The Pinto wagon was just a nice, cheap, reliable car that took me through college in the frozen north and never complained (Potsdam, NY). I wonder if anyone out there has actual data comparing fatalities by make or model from that era. I'd love to put the old 'napalm bomb on wheels' story to rest.
They did rust out up north - but so did every other car. Road salt.
Finally, on a tragic note - my older brother died in a car crash 2 years ago - he was driving one of those "superior" European cars - an Audi. The investigators estimated he was doing about 40 to 45 mph when he went into a ditch and struck a tree. We didn't sue the car company for not designing a car impervious to every conceivable accident.
Ford Pintos were just as safe as any other car of the day. The wagons never were recalled, only the smaller cars. Car companies make decisions like this on every car made - face it- many consumers even now would take a deduct for safety items if they could. Until they wreck that is.
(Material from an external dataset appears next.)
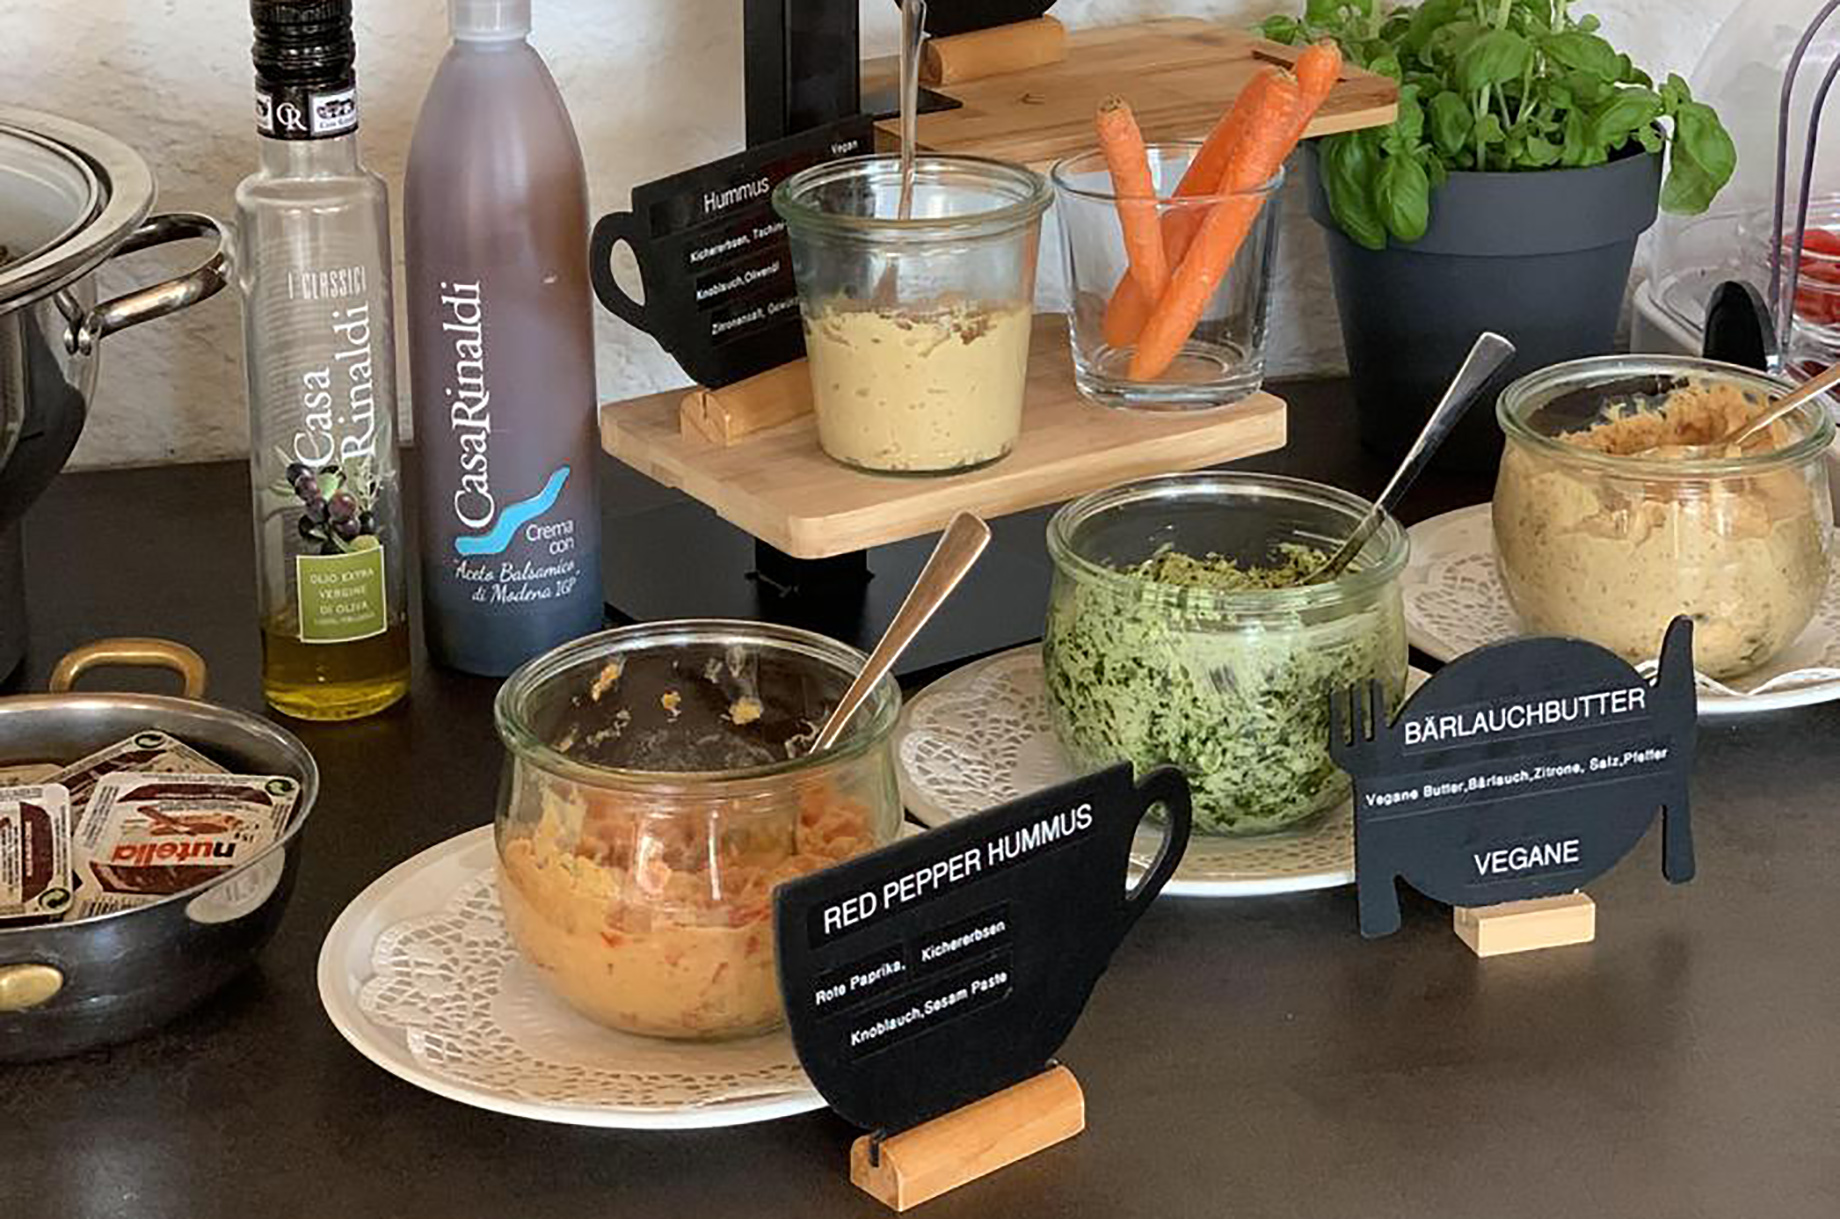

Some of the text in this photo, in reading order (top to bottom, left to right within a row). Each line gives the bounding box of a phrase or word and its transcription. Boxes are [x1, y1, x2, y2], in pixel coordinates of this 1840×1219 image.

I find that the people who owned Pintos loved them, and people who never even sat in one hate them, because of what they read or heard second hand.
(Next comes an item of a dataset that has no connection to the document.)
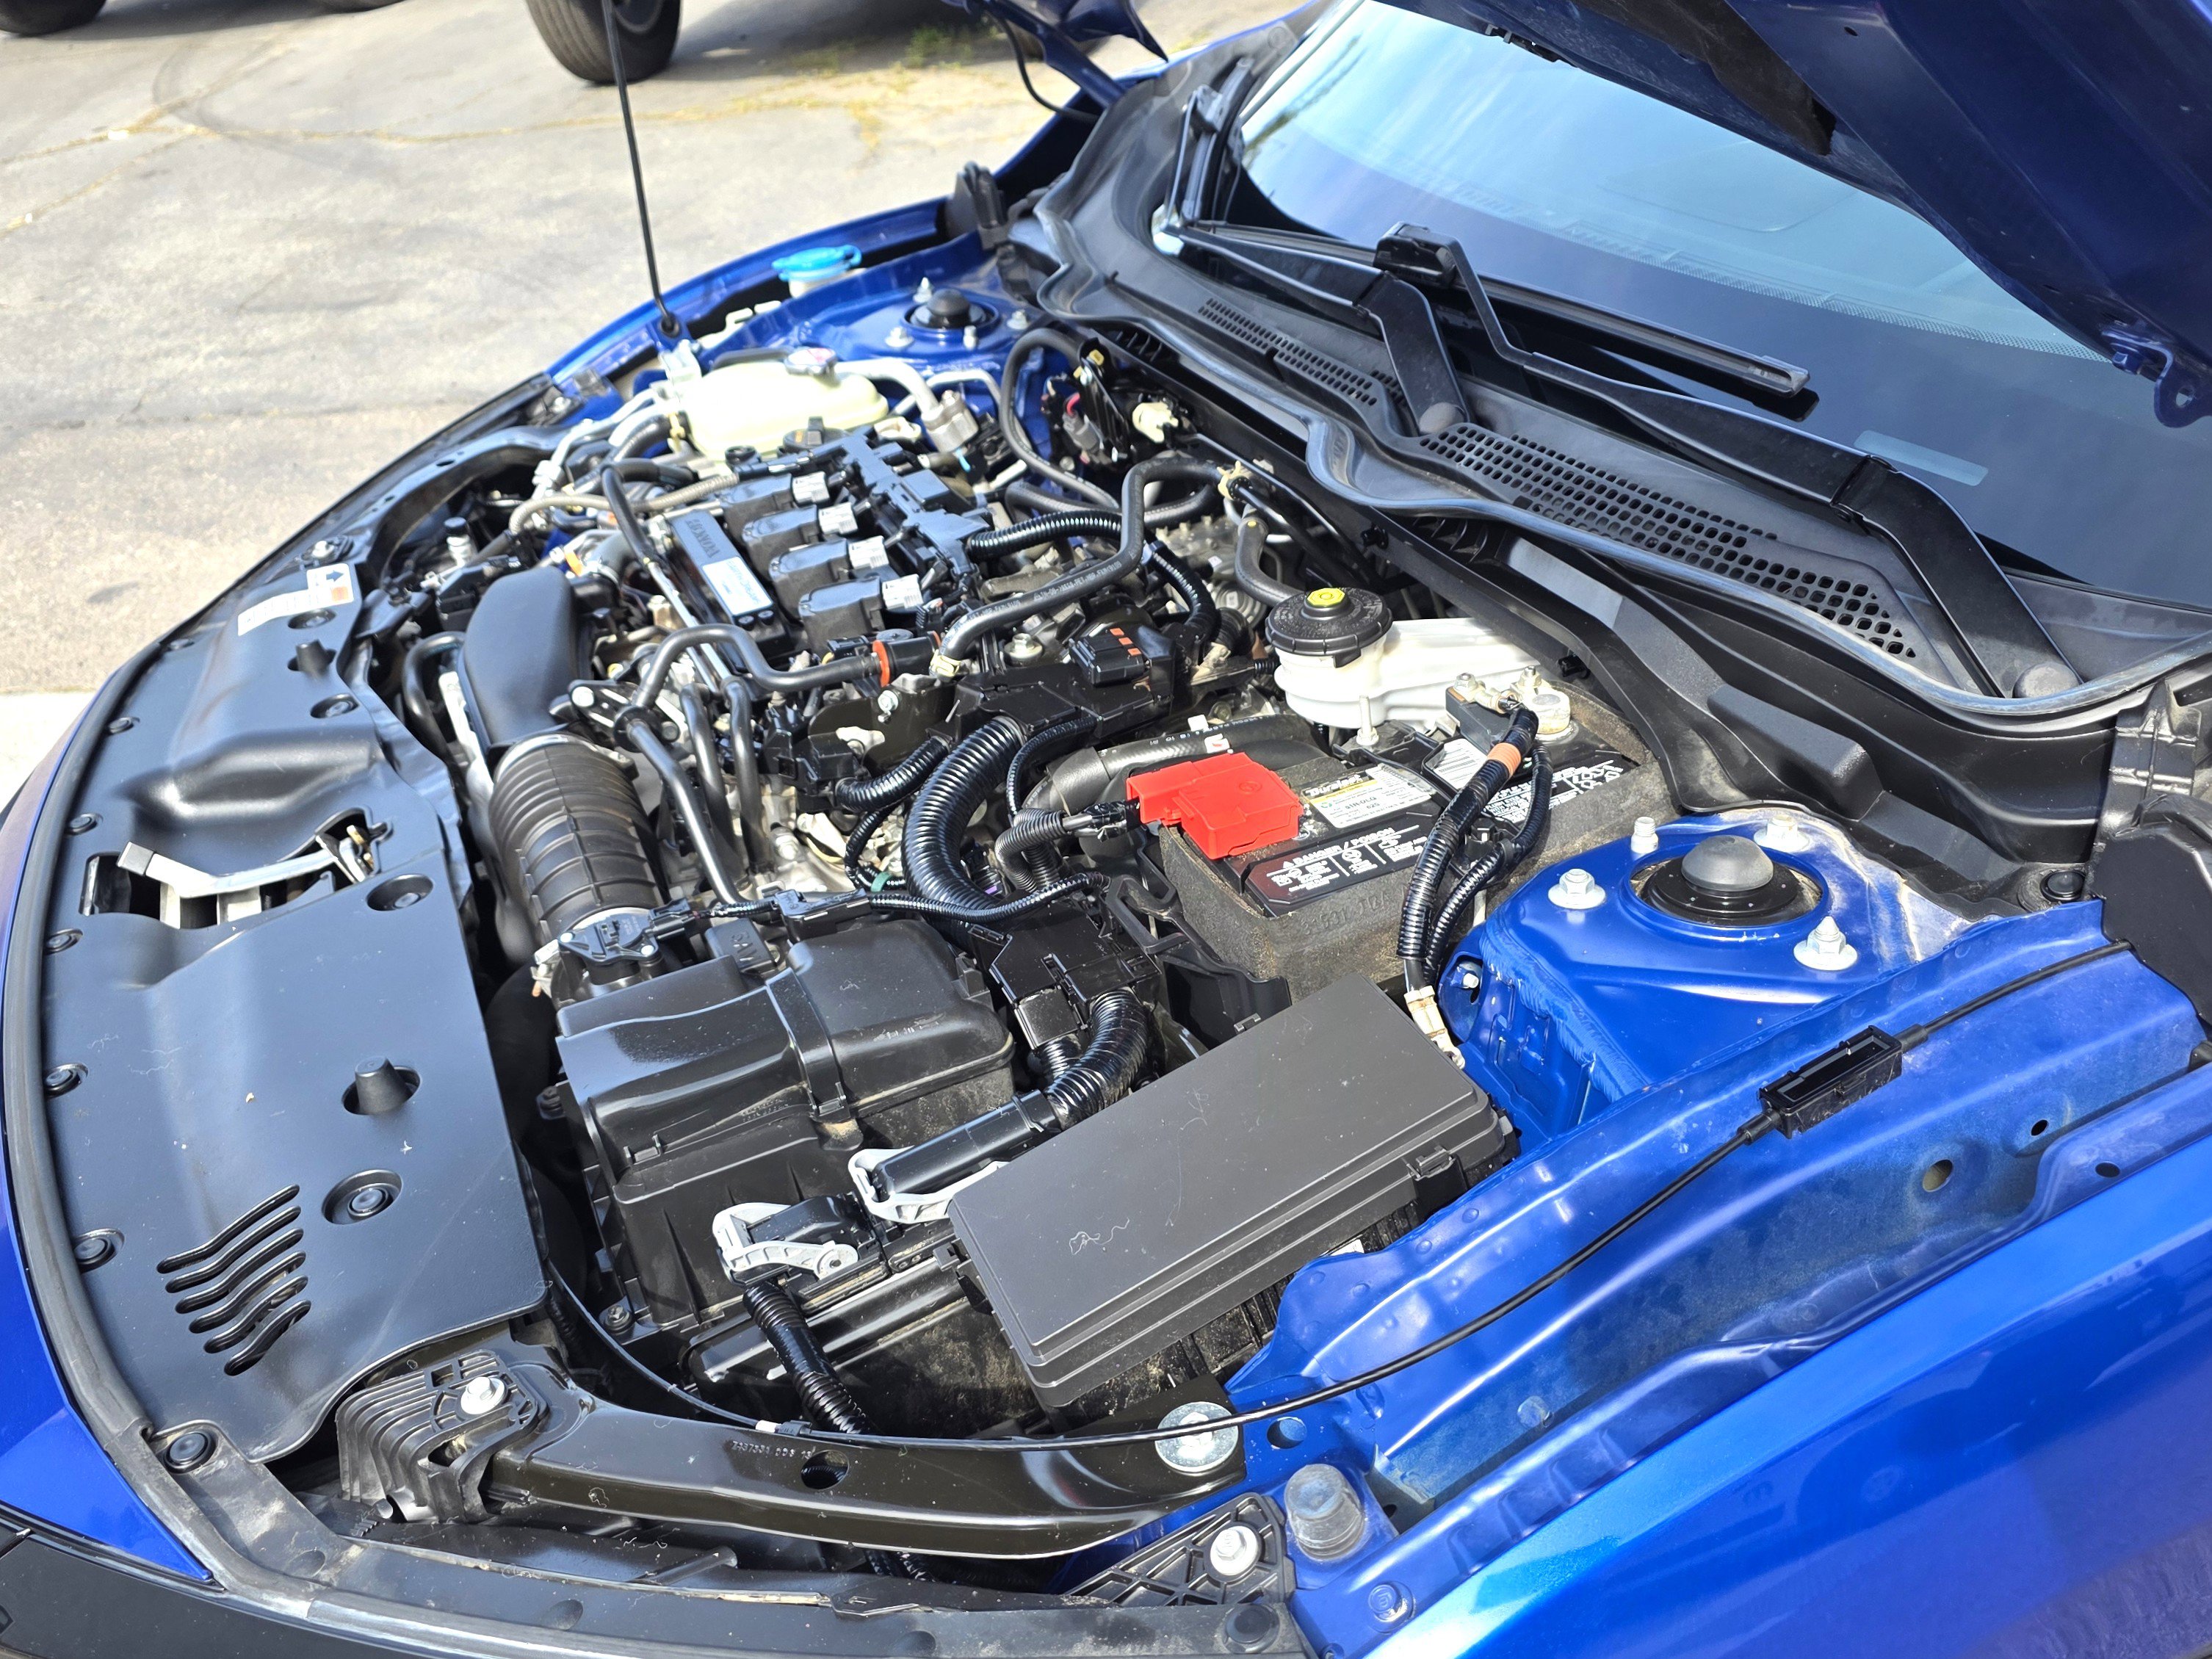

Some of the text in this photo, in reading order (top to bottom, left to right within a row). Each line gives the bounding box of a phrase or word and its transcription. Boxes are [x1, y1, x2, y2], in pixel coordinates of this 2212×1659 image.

[1305, 774, 1363, 797] Duralast
[1293, 845, 1342, 865] DANGER
[1351, 827, 1396, 847] POISON
My first new car was a '76 Pinto Pony that I bought in December '75. I beat that car daily for over a year. By beat I mean severely abused. The Pony had the 3:1 rear end ratio for better MPG and 4spd. It got 23mpg in town and 36mpg on the highway. This was actual real world mileage. At 13k miles it was on it's 3rd set of rear tires due to doing burnouts. No issues, other than window crank handles breaking. Traded it in for a Volare wagon in '77. I bought 3 Pintos after that one. '73 wagon 4spd, '72 wagon auto, '73 coupe auto. The 2.0 engines were hard on camshafts, but otherwise indestructible. The 2.3 had no real weakness that I recall. The 4spd cars were much more fun.